▶ **TASK**
Output only the lines that run from the line holding "this 1500×1005 image." to the end of the data below, including both ends, without any pictures.

[Dataset records]
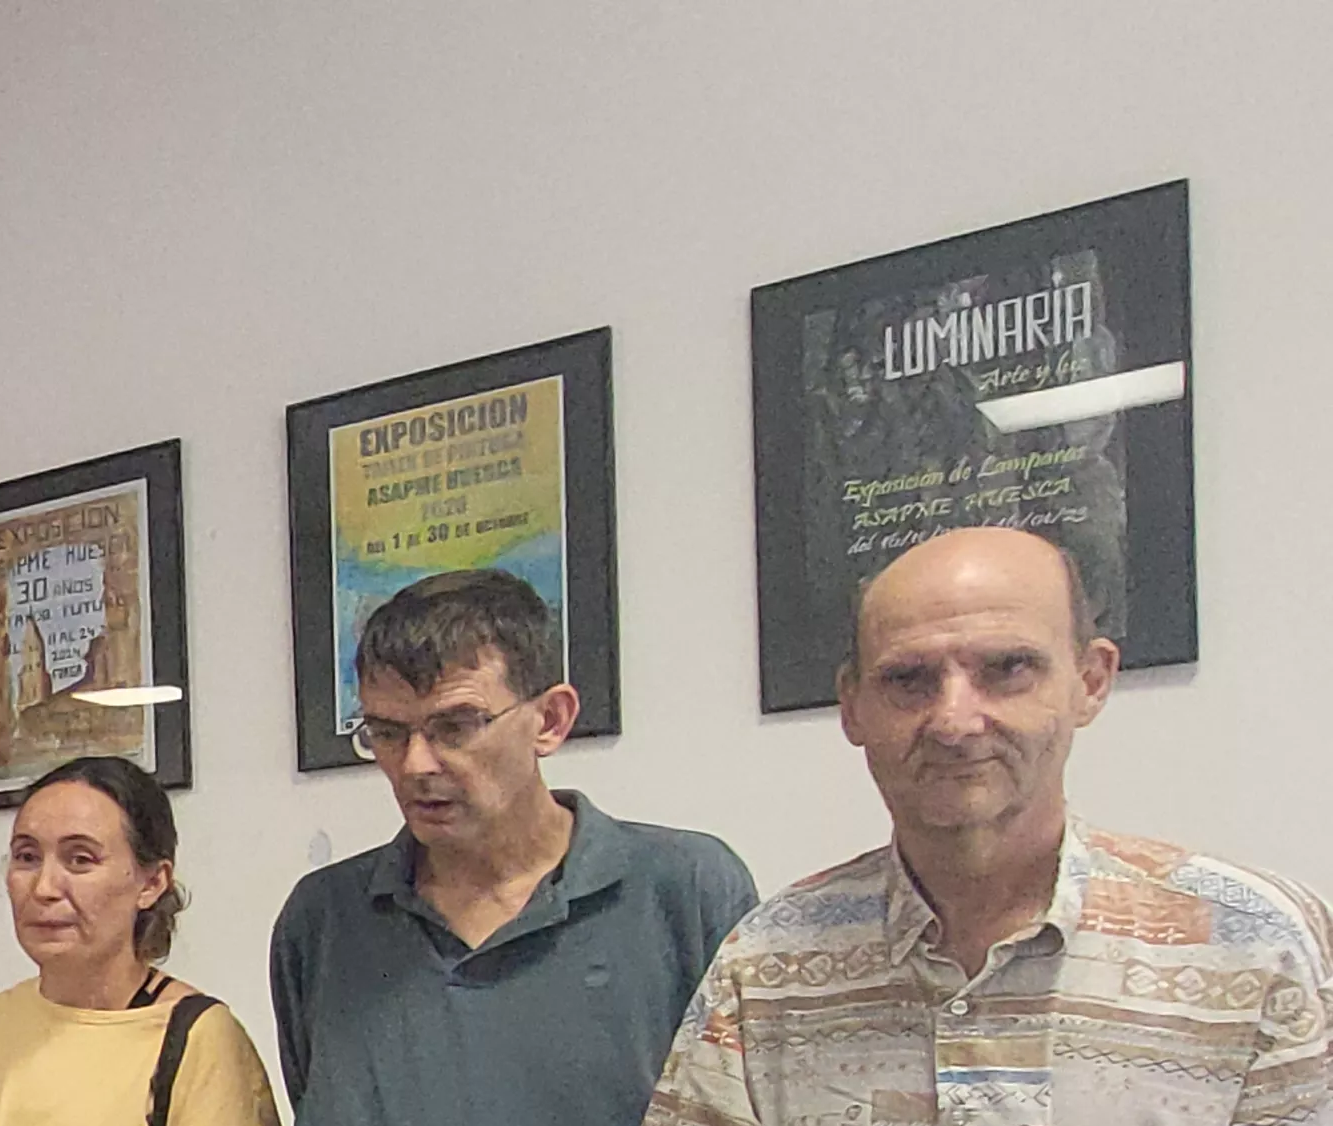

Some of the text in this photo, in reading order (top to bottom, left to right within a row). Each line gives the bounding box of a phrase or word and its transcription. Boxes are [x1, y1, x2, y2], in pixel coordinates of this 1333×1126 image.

[359, 391, 528, 457] EXPOSICION
[393, 532, 401, 549] 1
[427, 522, 450, 543] 30
[17, 577, 48, 605] 30
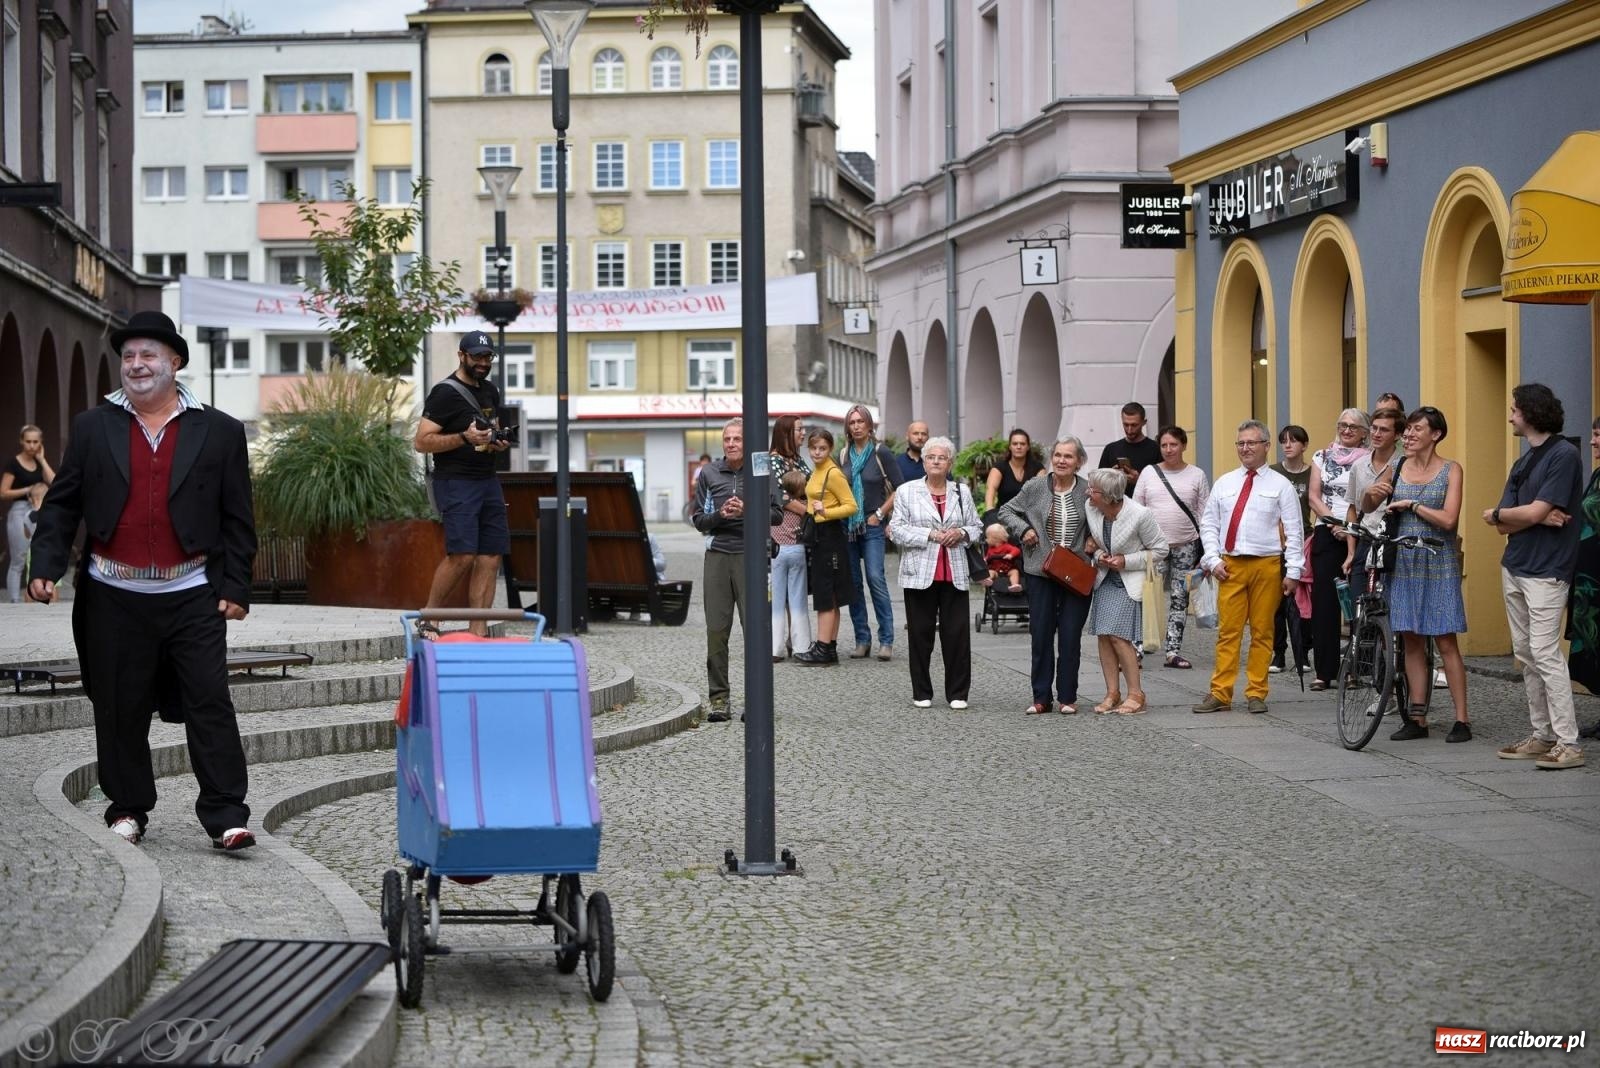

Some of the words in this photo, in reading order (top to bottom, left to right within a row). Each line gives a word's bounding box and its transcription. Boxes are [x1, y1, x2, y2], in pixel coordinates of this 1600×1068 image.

[1128, 197, 1181, 209] JUBILER
[1216, 165, 1285, 224] JUBILER
[1290, 160, 1304, 190] M.
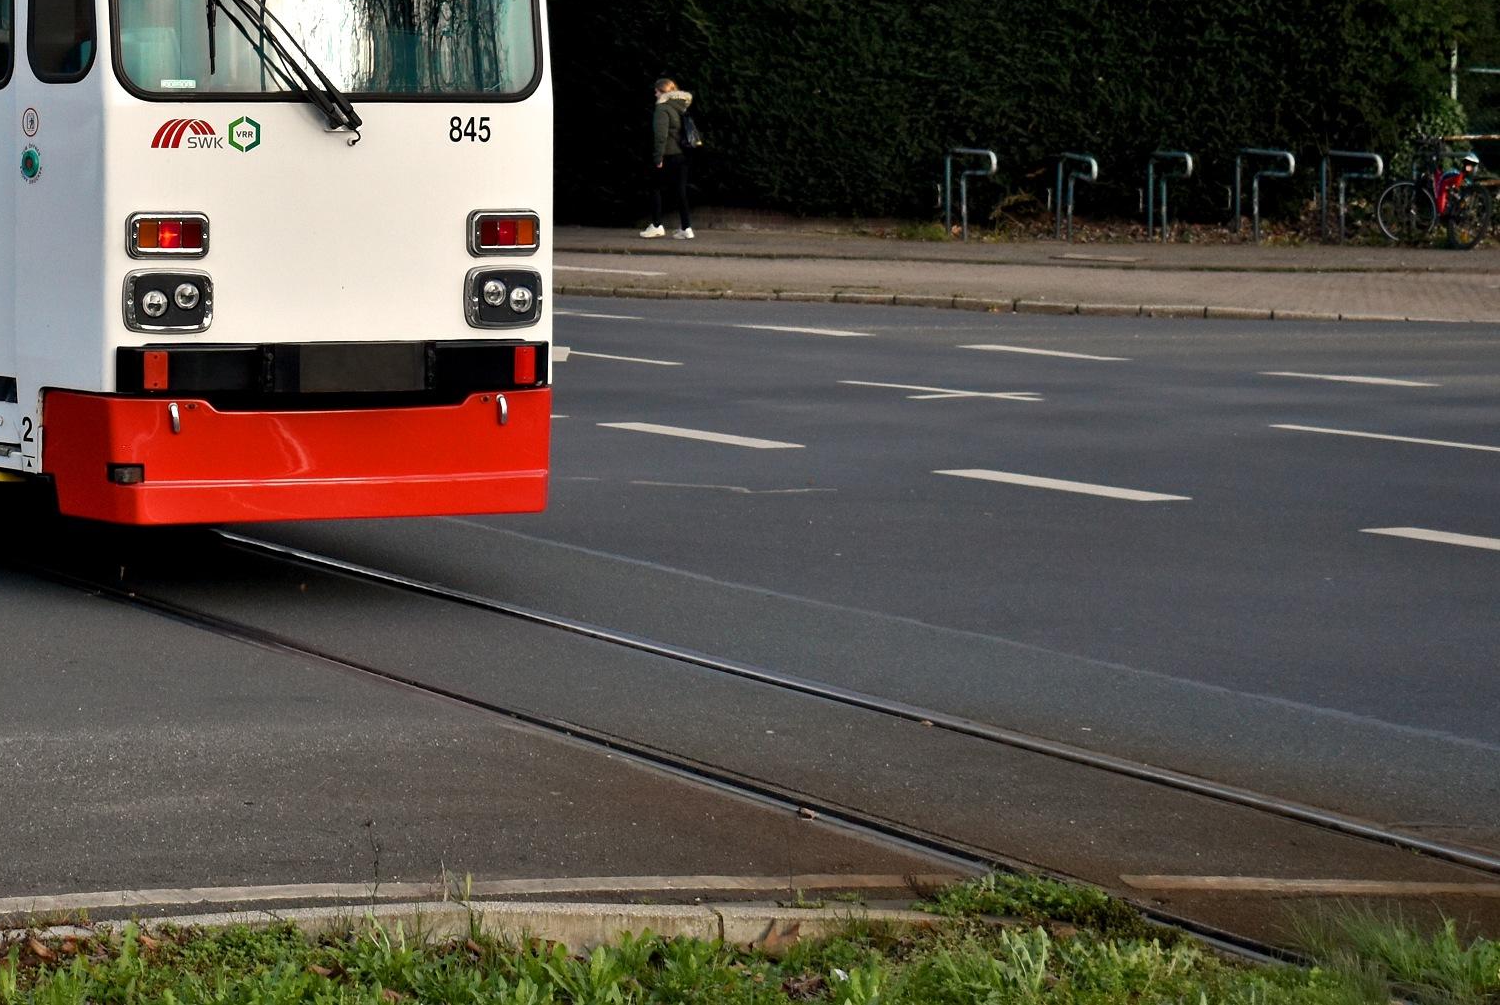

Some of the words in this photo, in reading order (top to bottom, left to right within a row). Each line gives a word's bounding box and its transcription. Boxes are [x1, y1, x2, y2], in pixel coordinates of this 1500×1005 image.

[235, 130, 254, 139] VRR
[449, 116, 491, 143] 845
[187, 136, 224, 149] SWK
[22, 416, 34, 442] 2
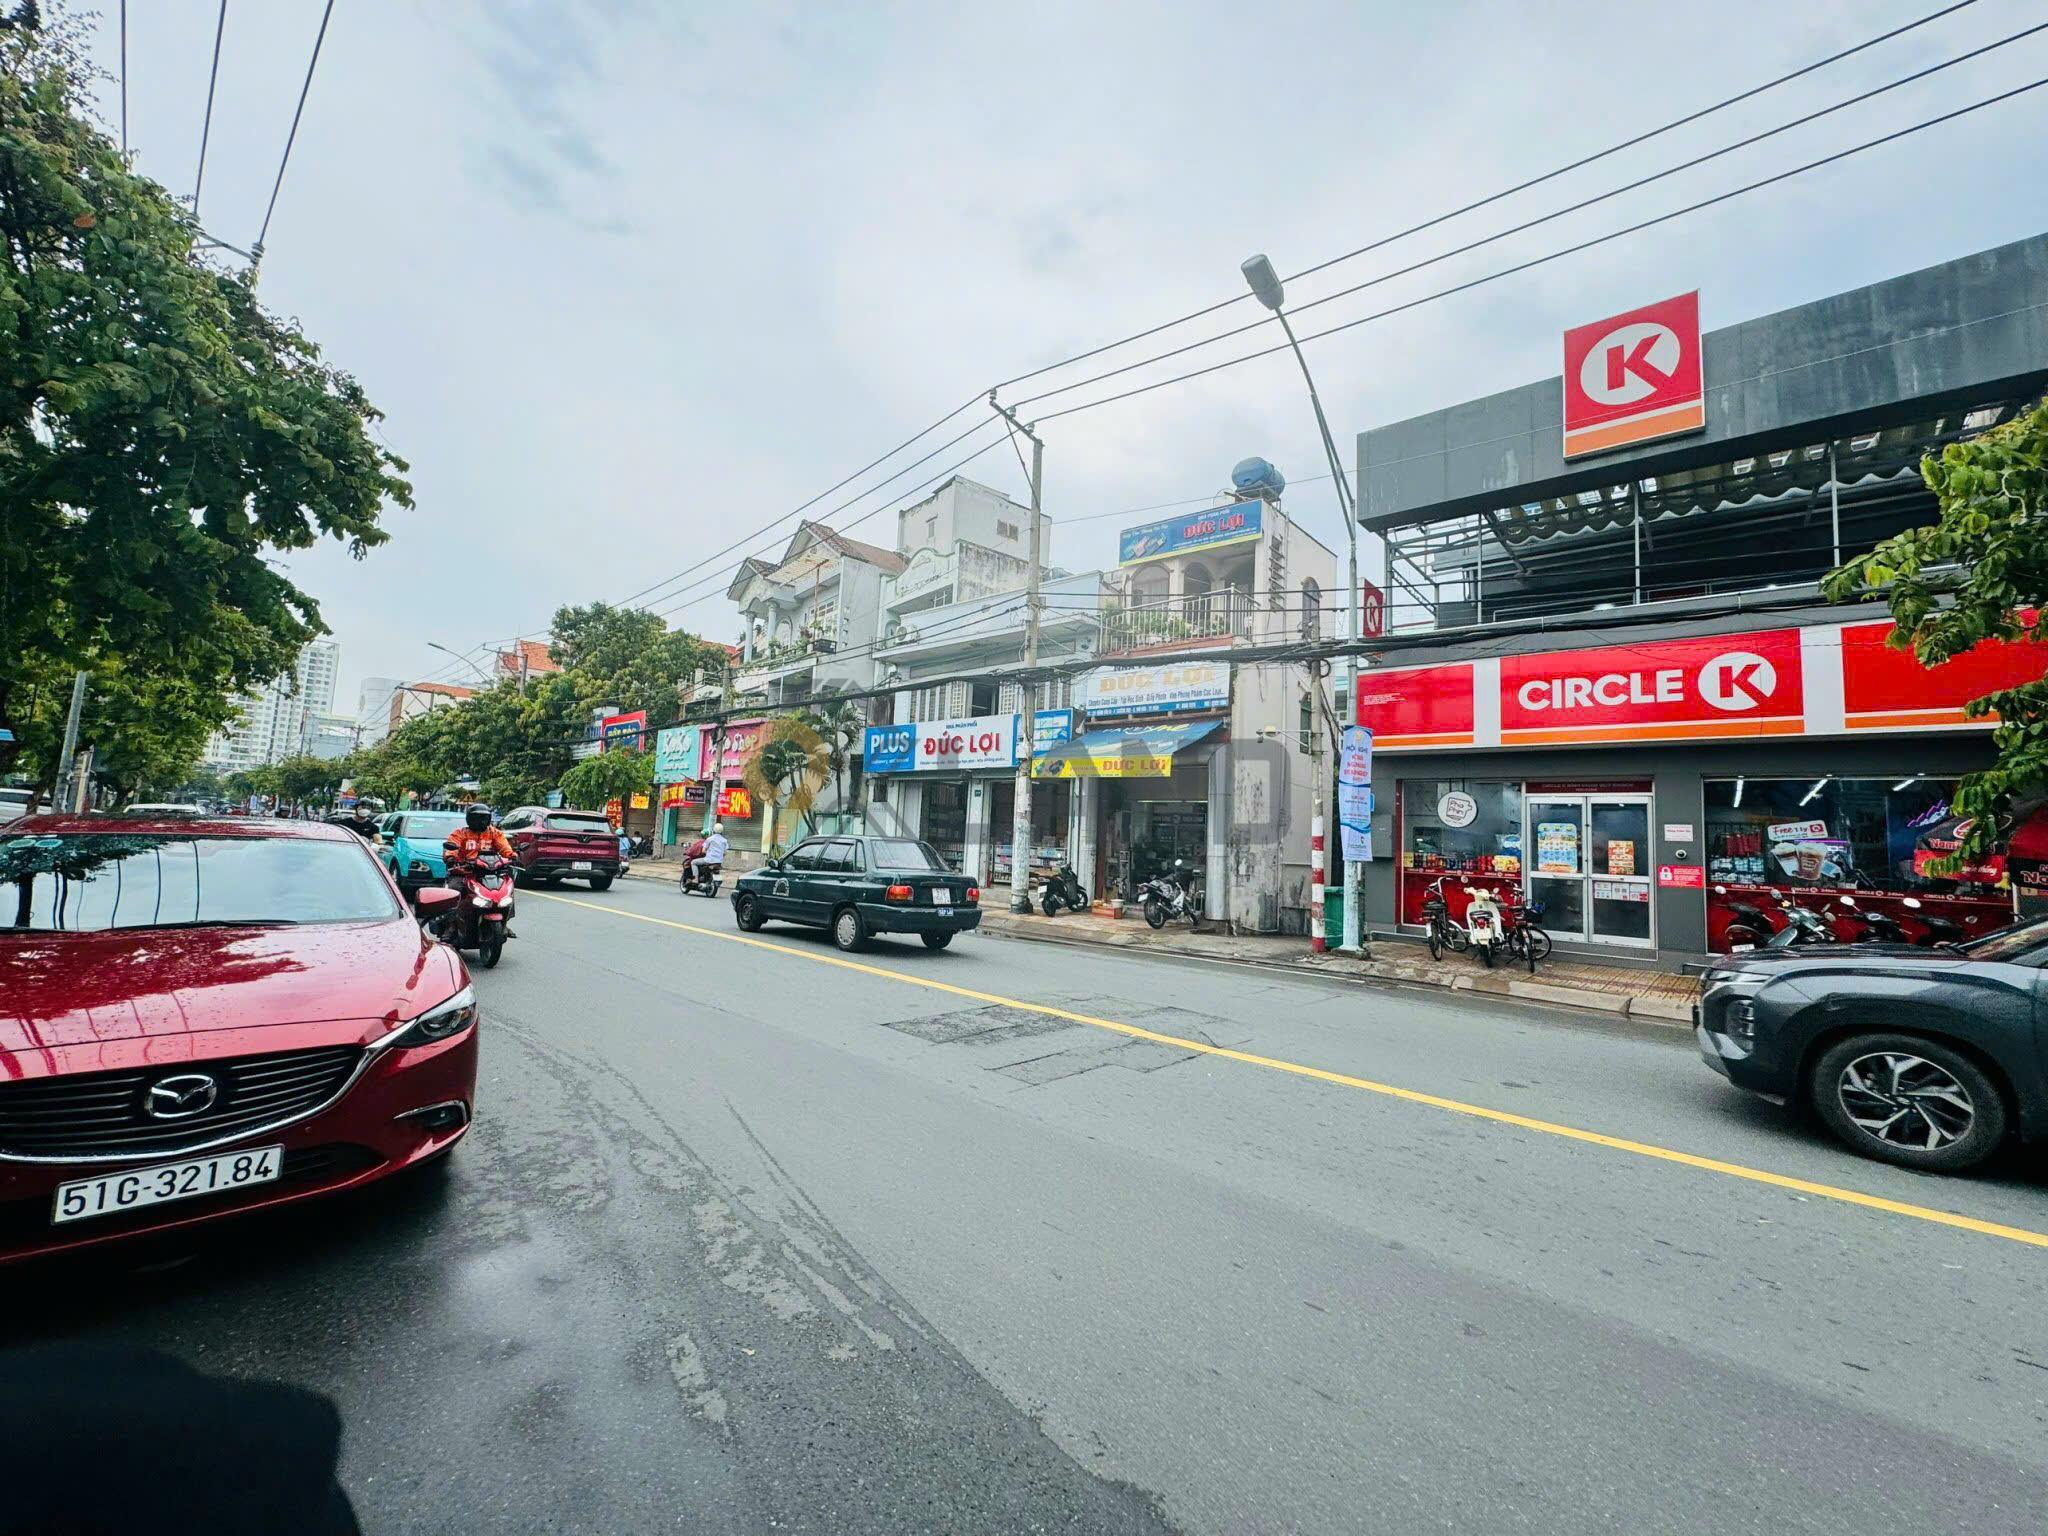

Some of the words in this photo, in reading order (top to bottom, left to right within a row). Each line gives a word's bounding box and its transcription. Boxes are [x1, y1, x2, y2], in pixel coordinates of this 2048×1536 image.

[1607, 333, 1672, 392] K
[1518, 669, 1684, 711] CIRCLE
[870, 731, 909, 754] PLUS
[924, 730, 964, 756] ĐỨC
[970, 732, 1000, 756] LỢI
[730, 791, 751, 814] 50%
[1774, 826, 1793, 836] Free
[63, 1152, 273, 1216] 51G-321.84

▶ **REPLY TO THE TASK**
Some of the words in this photo, in reading order (top to bottom, left to right within a row). Each line gives a word's bounding box and its transcription. Boxes are [x1, y1, x2, y2], in pixel coordinates of this 1500×1005 image.

[235, 130, 254, 139] VRR
[449, 116, 491, 143] 845
[187, 136, 224, 149] SWK
[22, 416, 34, 442] 2

Some of the words in this photo, in reading order (top to bottom, left to right within a row). Each line gives a word's bounding box and its transcription. Boxes are [x1, y1, x2, y2], in pixel coordinates of this 2048×1536 image.

[1607, 333, 1672, 392] K
[1518, 669, 1684, 711] CIRCLE
[870, 731, 909, 754] PLUS
[924, 730, 964, 756] ĐỨC
[970, 732, 1000, 756] LỢI
[730, 791, 751, 814] 50%
[1774, 826, 1793, 836] Free
[63, 1152, 273, 1216] 51G-321.84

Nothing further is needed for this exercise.